Recipe Rebellion: A Year Of Contrarian Cookbooks (3)

Nishant Choksi

"Just throw the whole lemon in the food processor for lemon bars."
"Don't just soak your dried beans — brine them!"
"You don't need a whole day (or two) to make a good sauce."

Some of the things this year's cookbooks said to me as I tested them were downright contrarian. But that's the brilliant thing about cooking in a global, crowdsourced, Web-fueled world: People no longer cook according to some received wisdom handed down by a guy in a white toque. They figure it out as they go along, and if they stumble on a shortcut, it's blogged and shared in no time flat.

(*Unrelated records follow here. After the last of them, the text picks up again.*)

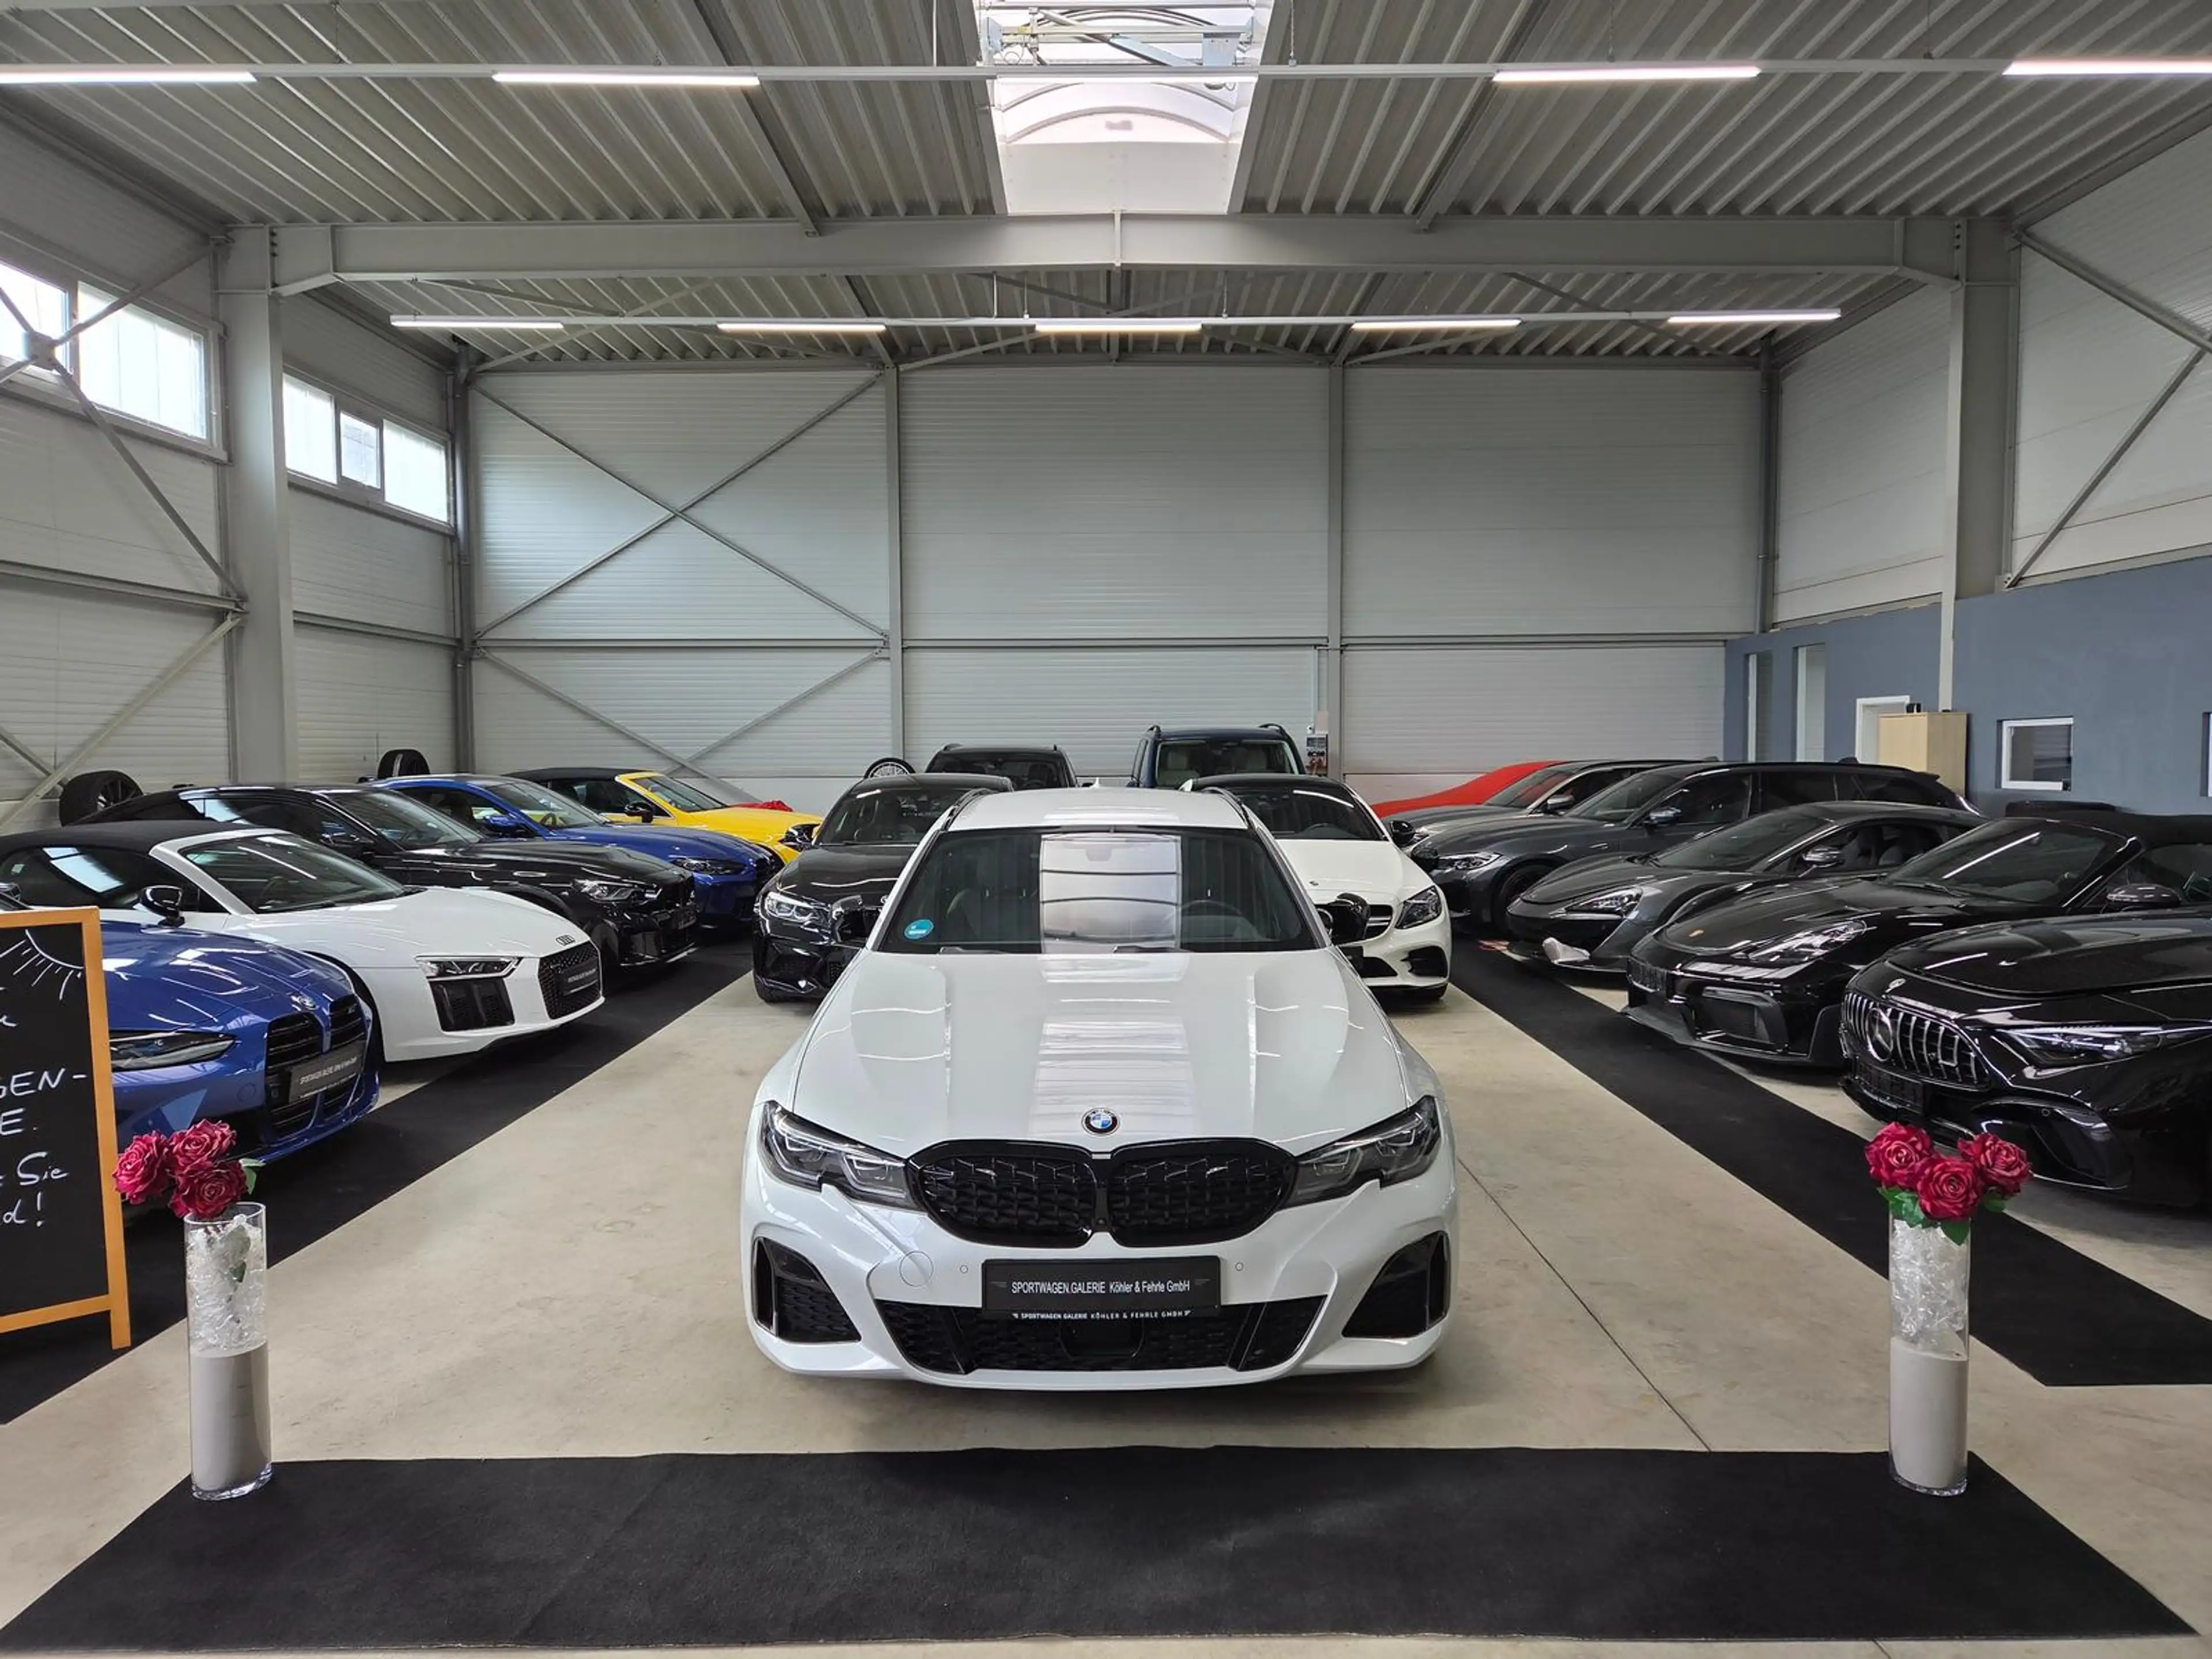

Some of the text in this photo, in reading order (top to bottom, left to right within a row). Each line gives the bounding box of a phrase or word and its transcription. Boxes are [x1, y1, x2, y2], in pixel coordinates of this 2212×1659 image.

[16, 1151, 70, 1186] Sie
[1109, 1281, 1133, 1293] Köhler
[1134, 1280, 1141, 1293] &
[1142, 1280, 1165, 1293] Fehrle
[1166, 1279, 1191, 1292] GmbH
[1090, 1311, 1120, 1320] KÖHLER
[1161, 1310, 1183, 1318] GMBH

The rebels, rule breakers and renegades who rule this year's Top 10 list aren't looking for a Ph.D. in Traditional Cooking. They're pleasure seekers whose books are filled with quirky facts, gorgeous pictures, ingredients deployed in unexpected places. They're informative, thoughtful and well packaged, and traditional only in the sense that they make classic perfect gifts.

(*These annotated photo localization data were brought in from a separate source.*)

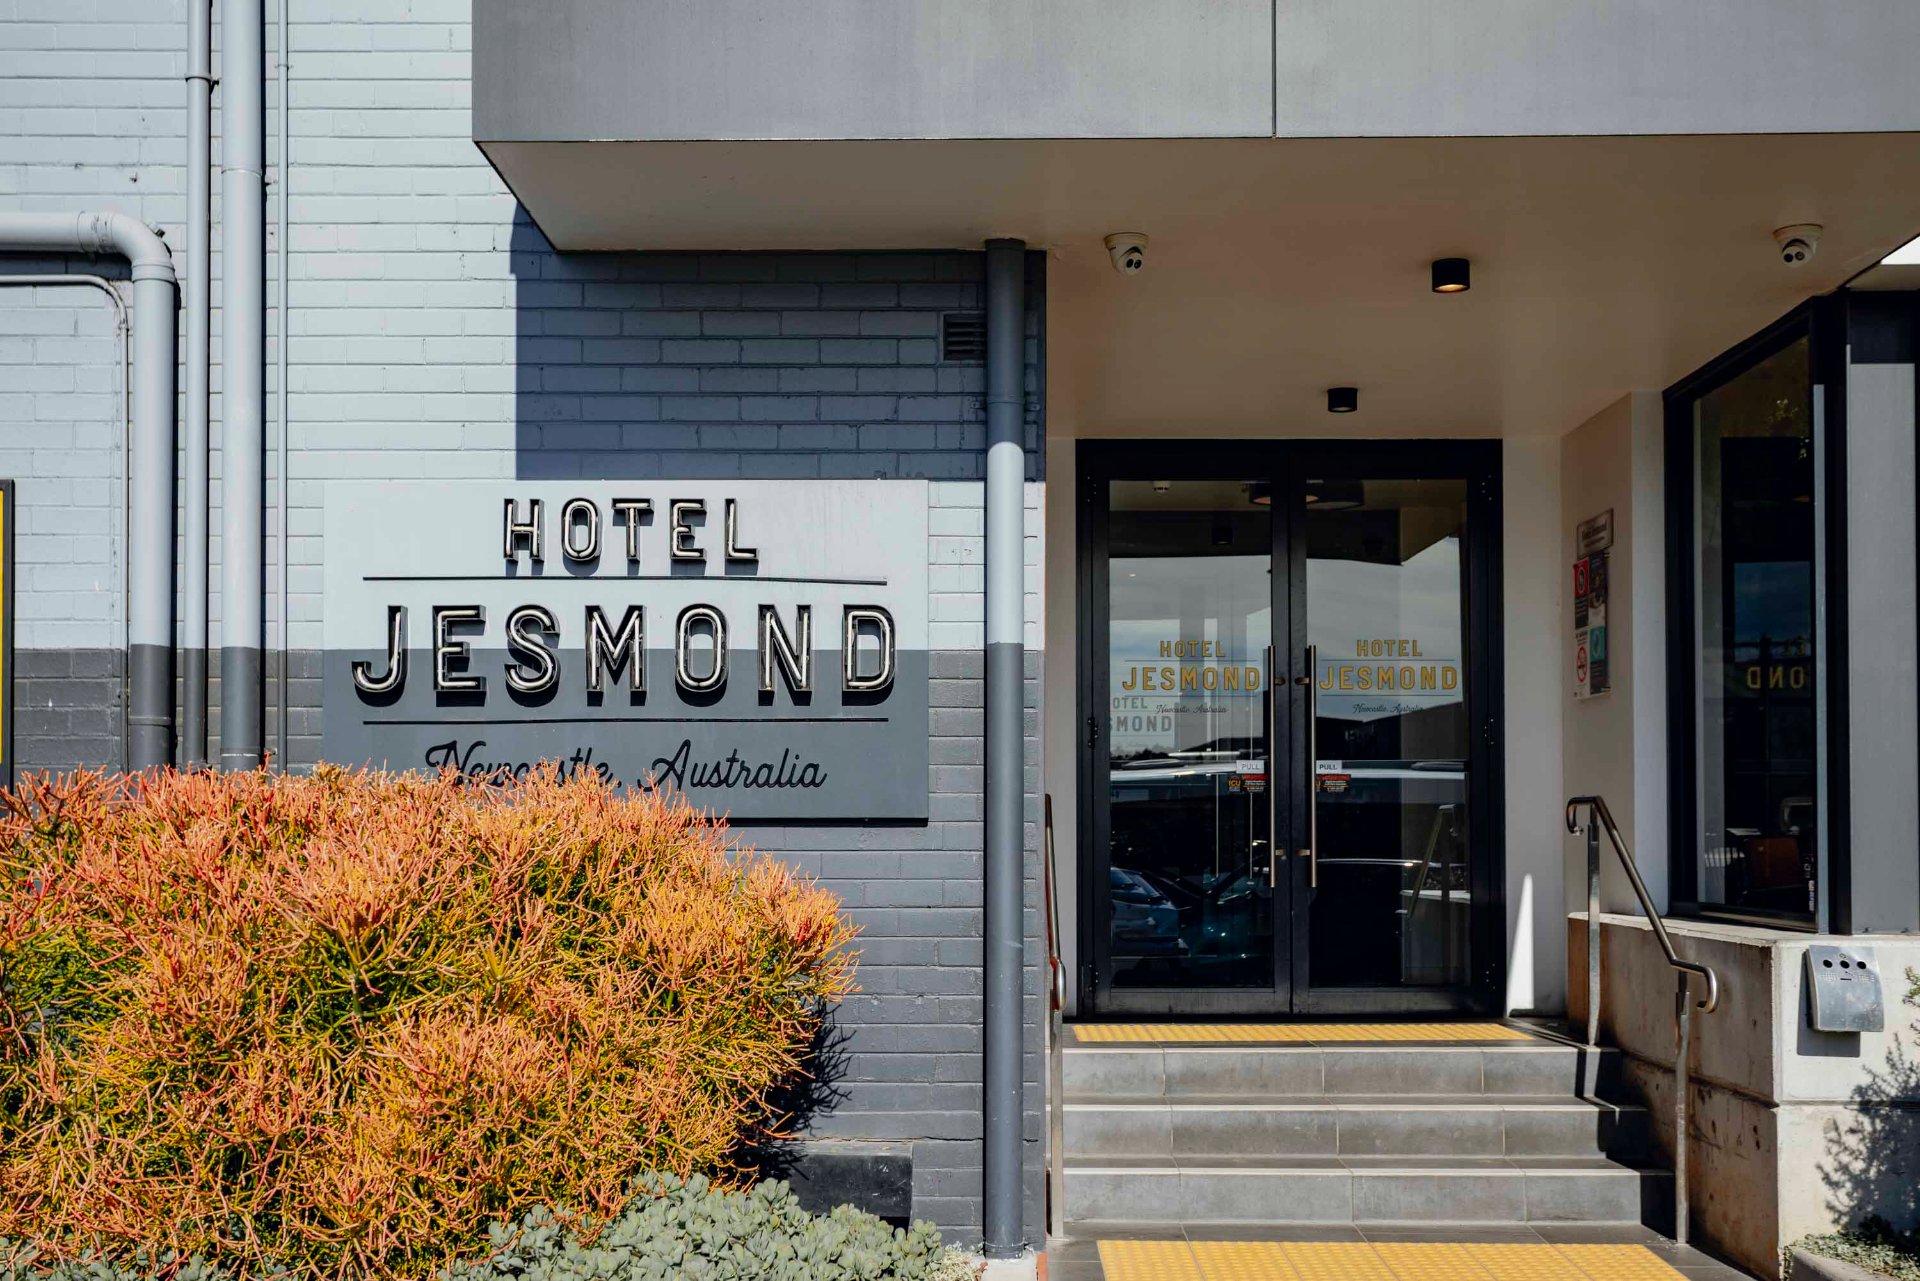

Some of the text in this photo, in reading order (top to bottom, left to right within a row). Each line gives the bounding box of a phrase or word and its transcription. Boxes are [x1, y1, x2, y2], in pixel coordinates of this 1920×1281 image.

[503, 498, 758, 562] HOTEL
[352, 605, 896, 694] JESMOND
[1159, 640, 1226, 657] HOTEL
[1356, 639, 1423, 657] HOTEL
[1122, 667, 1260, 691] JESMOND
[1319, 666, 1457, 690] JESMOND
[637, 739, 828, 792] Australia

2012 Holiday Cookbook Roundup

  • The Sprouted Kitchen

    by Sara Forte and Hugh Forte

    "Whole foods blog." Ten years ago, that phrase might have drawn blank stares. But today it's a genre: a vegetable-centric but not necessarily vegetarian approach to healthy (and slightly hedonistic) eating. As a blog and as a book, Sprouted Kitchen exemplifies the winning formula: fresh visuals, easy-enough-for-everyday recipes, a willingness to mix it up with unlikely ingredient pairings. Sara Forte is particularly attentive to texture, and there's scarcely a recipe without some nuts or seeds or crisp celery dice for crunch. She's also big on everyday luxuries, like pomegranate seeds and Marcona almonds (tossed in to great effect in a brussel leaf and baby spinach saute). Meanwhile, you can almost smell the fair-trade, single-sourced coffee in husband Hugh's sharp, saturated, high-contrast images.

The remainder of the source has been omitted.